Soon, alongside the lorries bound for Bosnia-Herzegovina, we were filling and dispatching shipping containers from our warehouses in Glasgow and receiving reports and warm thanks from Father Garry and the recipients of this aid. He amused us by explaining how they were removing the huge, heavy shipping containers from the trucks that transported them from the port (some of these, rather than being returned empty, were kept for use as secure stores). In the absence of a crane, they tied the container securely to a tree and the lorry would then accelerate away leaving the container to crash on to the ground. It didn’t always work first time and a number of palm trees had simply snapped in two.

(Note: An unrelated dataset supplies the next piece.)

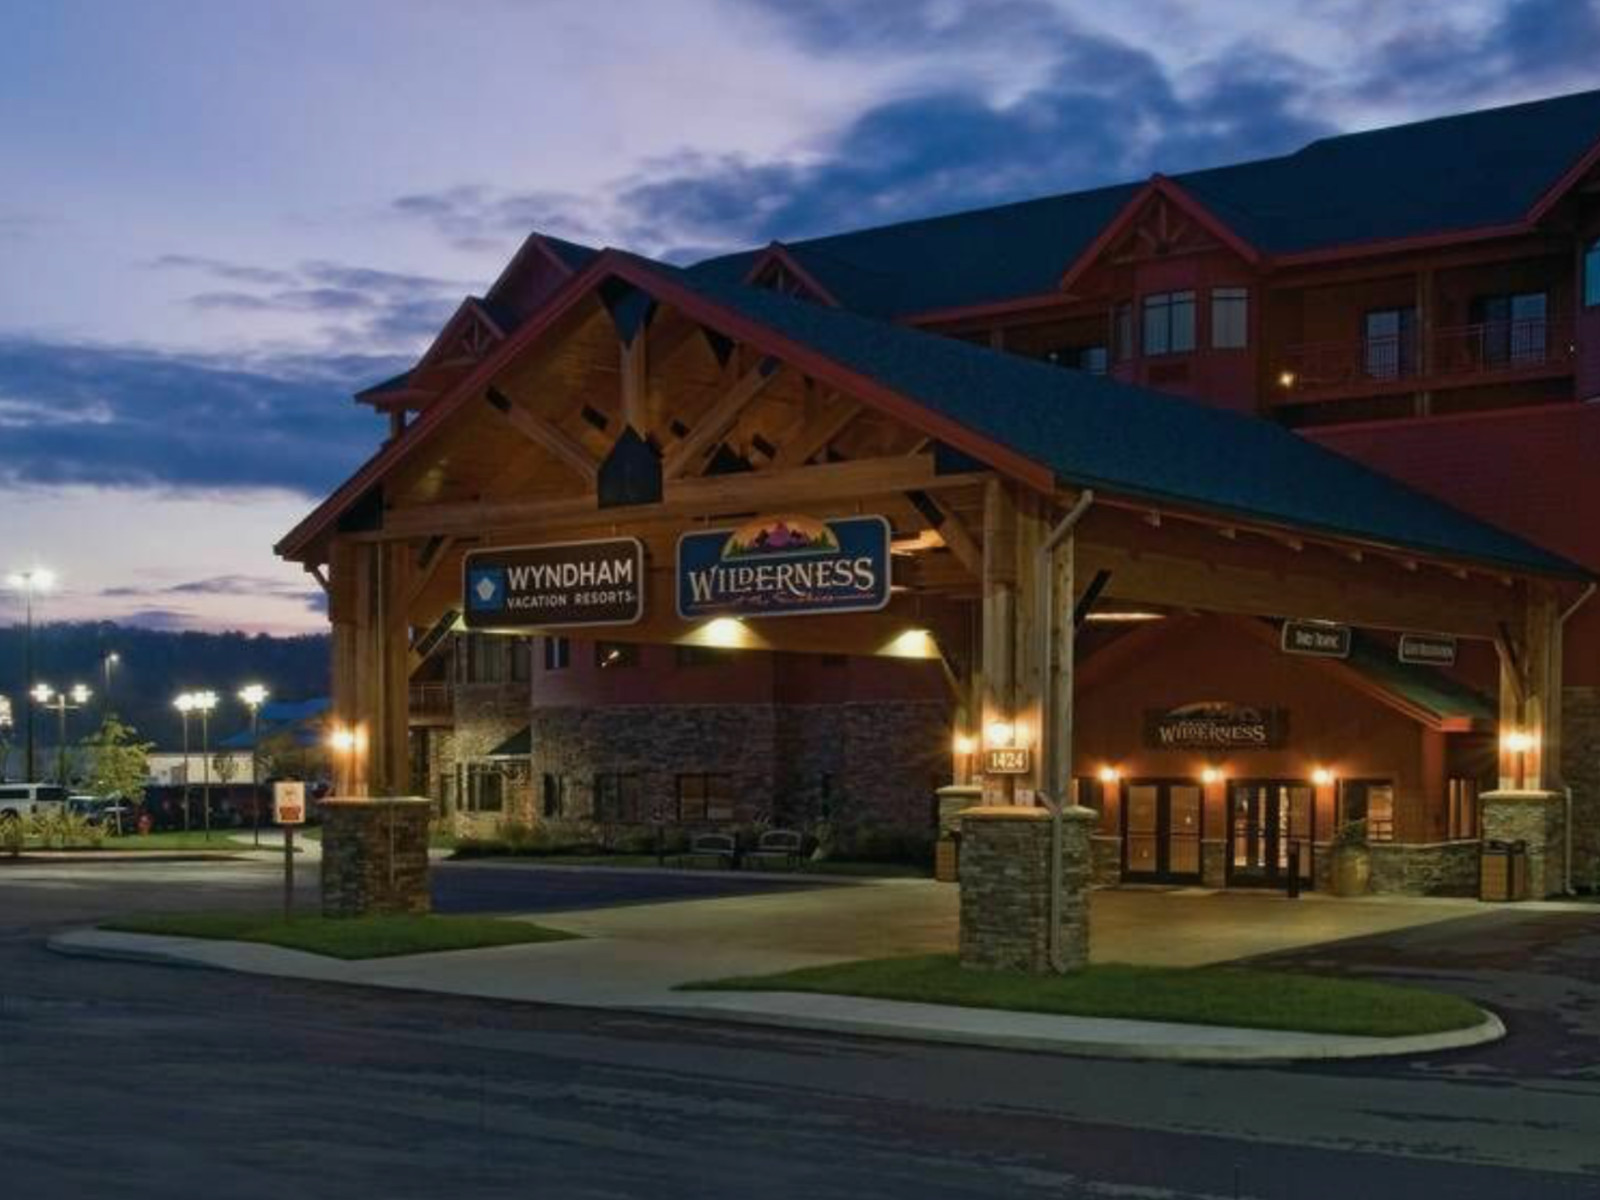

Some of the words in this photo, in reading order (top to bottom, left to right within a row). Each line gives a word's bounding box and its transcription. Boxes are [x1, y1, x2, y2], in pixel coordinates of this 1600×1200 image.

By early 1997, the fighting in Liberia had lulled and Father Pat and I decided it was a good time to visit. Sadly, my first experience of Africa was one of a war-ravaged, dark city. There was no electricity in Monrovia, home to more than a million people, and as we drove through the late evening from the airport, I could see groups of people huddled round flickering fires within the eerie carcasses of roofless buildings. The SMA Fathers had a little flat in the centre of town, which like virtually every other building here had been looted of every single thing it once contained. Even the light-bulb fittings and electrical sockets had been ripped out – not that they would have been much help to us anyway. We unpacked our bags in the dark with the aid of torches and lay down in the hot, sticky blackness for a few hours’ sleep.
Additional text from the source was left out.